Kim Edwards got the idea for this story from a pastor, who told her about a man who found out later in life that he had a twin brother with Down Syndrome that had been sent to live at an institution without him (the brother) knowing. When he found out the brother in the institution had died. In this story Kim Edwards explores what having this kind of secret does to a family.
It’s 1964, a cold winter night, and an orthopedic surgeon, David Henry, and a nurse, Caroline Gill, are the only two people in a local hospital present to deliver the baby of the surgeon’s wife, Norah. The baby boy is early, but healthy. Then another baby comes, his twin, a baby girl. But she turns out to have Down Syndrome. Because David has grown up with a sickly sister, he wants to spare his wife and baby boy the pain, and gives the baby girl to Caroline to put in an institution. Arriving at the institution Caroline can’t bear to leave the child, and to give David a chance to do the right thing, she takes the girl. But David tells everybody the girl died, and Caroline raises her as her own.

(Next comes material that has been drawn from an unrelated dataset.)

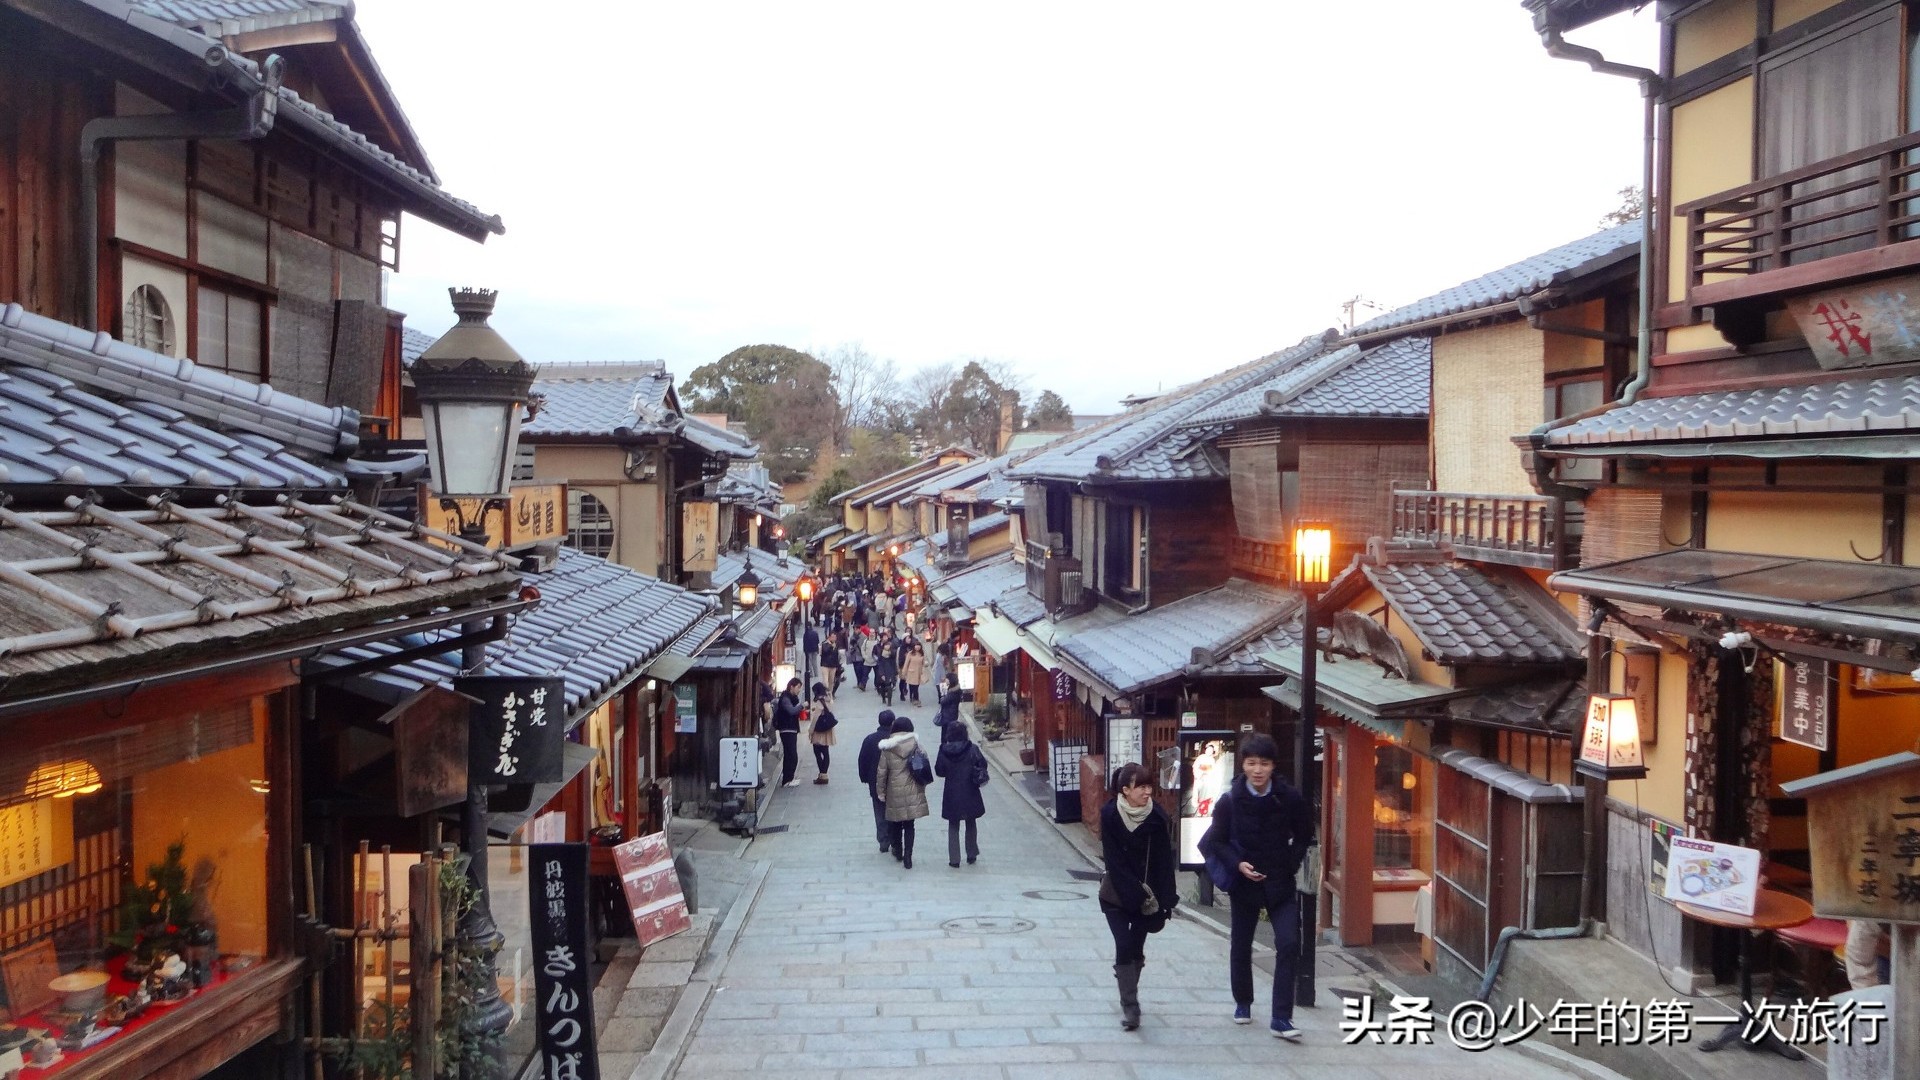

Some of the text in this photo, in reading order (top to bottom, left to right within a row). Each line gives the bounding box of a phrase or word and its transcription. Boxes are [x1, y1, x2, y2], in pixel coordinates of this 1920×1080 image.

[529, 687, 548, 726] 甘党
[1590, 703, 1607, 747] 珈琲
[1814, 695, 1824, 746] OPEN

The book describes different periods in both children’s lives, from 1964 to 1988, and explores how the secret of the girl’s, Phoebe’s, existence affects everybody in the Henry family and Caroline Gill herself. While tragic, it is a great story to read. I couldn’t put it down and read the whole thing in one long stretch. I loved the descriptions, and those in the family trying to do the best they could. The way Edwards tells the story from different viewpoints I felt sympathy for all characters, even David. Even though it was wrong, he tried to do the best he could.